__Exercise aim__
A word-for-word copy of the following listing is needed. Leave out its images.

__Records shown__

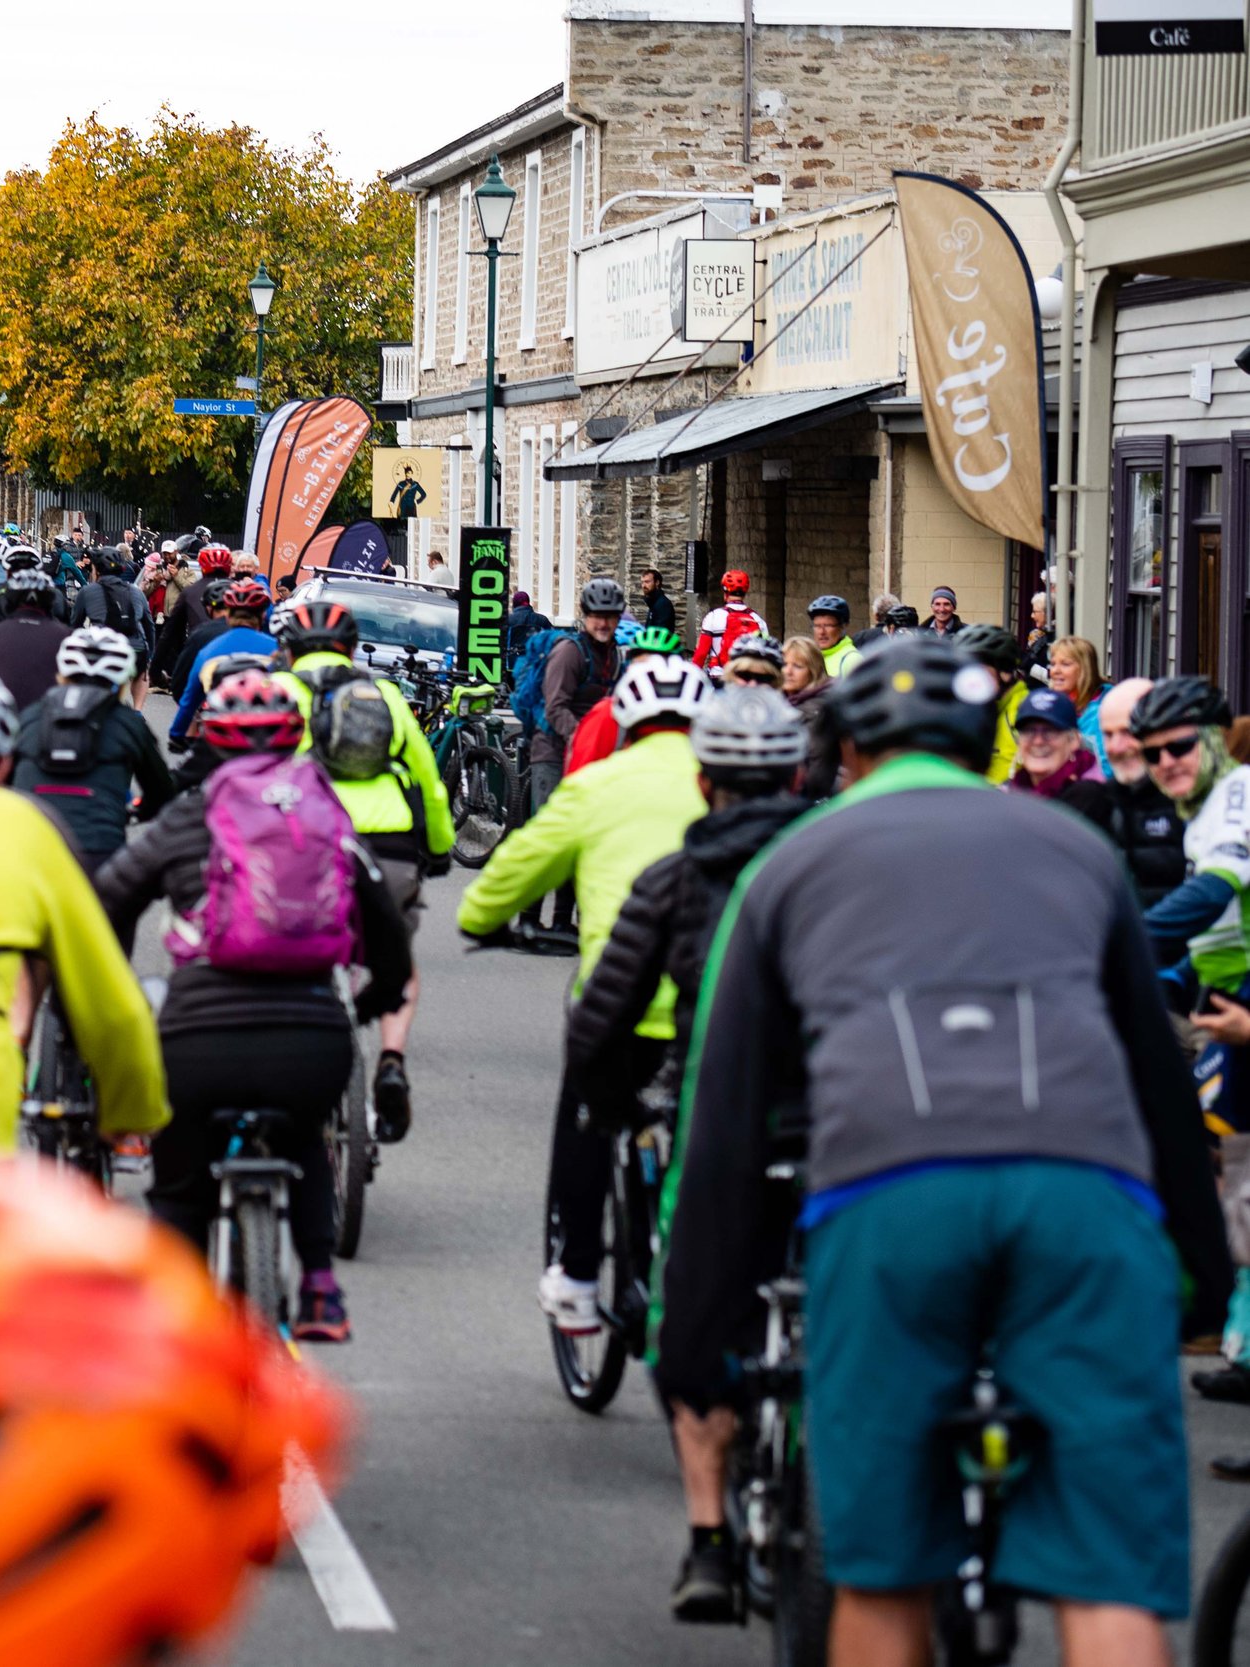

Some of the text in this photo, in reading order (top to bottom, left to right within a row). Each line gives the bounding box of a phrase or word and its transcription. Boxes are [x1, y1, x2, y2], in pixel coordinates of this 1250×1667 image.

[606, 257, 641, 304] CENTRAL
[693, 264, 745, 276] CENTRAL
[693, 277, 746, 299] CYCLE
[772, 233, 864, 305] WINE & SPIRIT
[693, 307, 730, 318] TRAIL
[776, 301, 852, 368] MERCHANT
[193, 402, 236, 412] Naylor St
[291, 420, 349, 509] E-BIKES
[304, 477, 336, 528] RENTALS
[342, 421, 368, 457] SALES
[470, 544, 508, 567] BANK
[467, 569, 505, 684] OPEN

__Expected output__
Some of the text in this photo, in reading order (top to bottom, left to right within a row). Each line gives the bounding box of a phrase or word and its transcription. Boxes are [x1, y1, x2, y2], in pixel coordinates of this 1250×1667 image.

[606, 257, 641, 304] CENTRAL
[693, 264, 745, 276] CENTRAL
[693, 277, 746, 299] CYCLE
[772, 233, 864, 305] WINE & SPIRIT
[693, 307, 730, 318] TRAIL
[776, 301, 852, 368] MERCHANT
[193, 402, 236, 412] Naylor St
[291, 420, 349, 509] E-BIKES
[304, 477, 336, 528] RENTALS
[342, 421, 368, 457] SALES
[470, 544, 508, 567] BANK
[467, 569, 505, 684] OPEN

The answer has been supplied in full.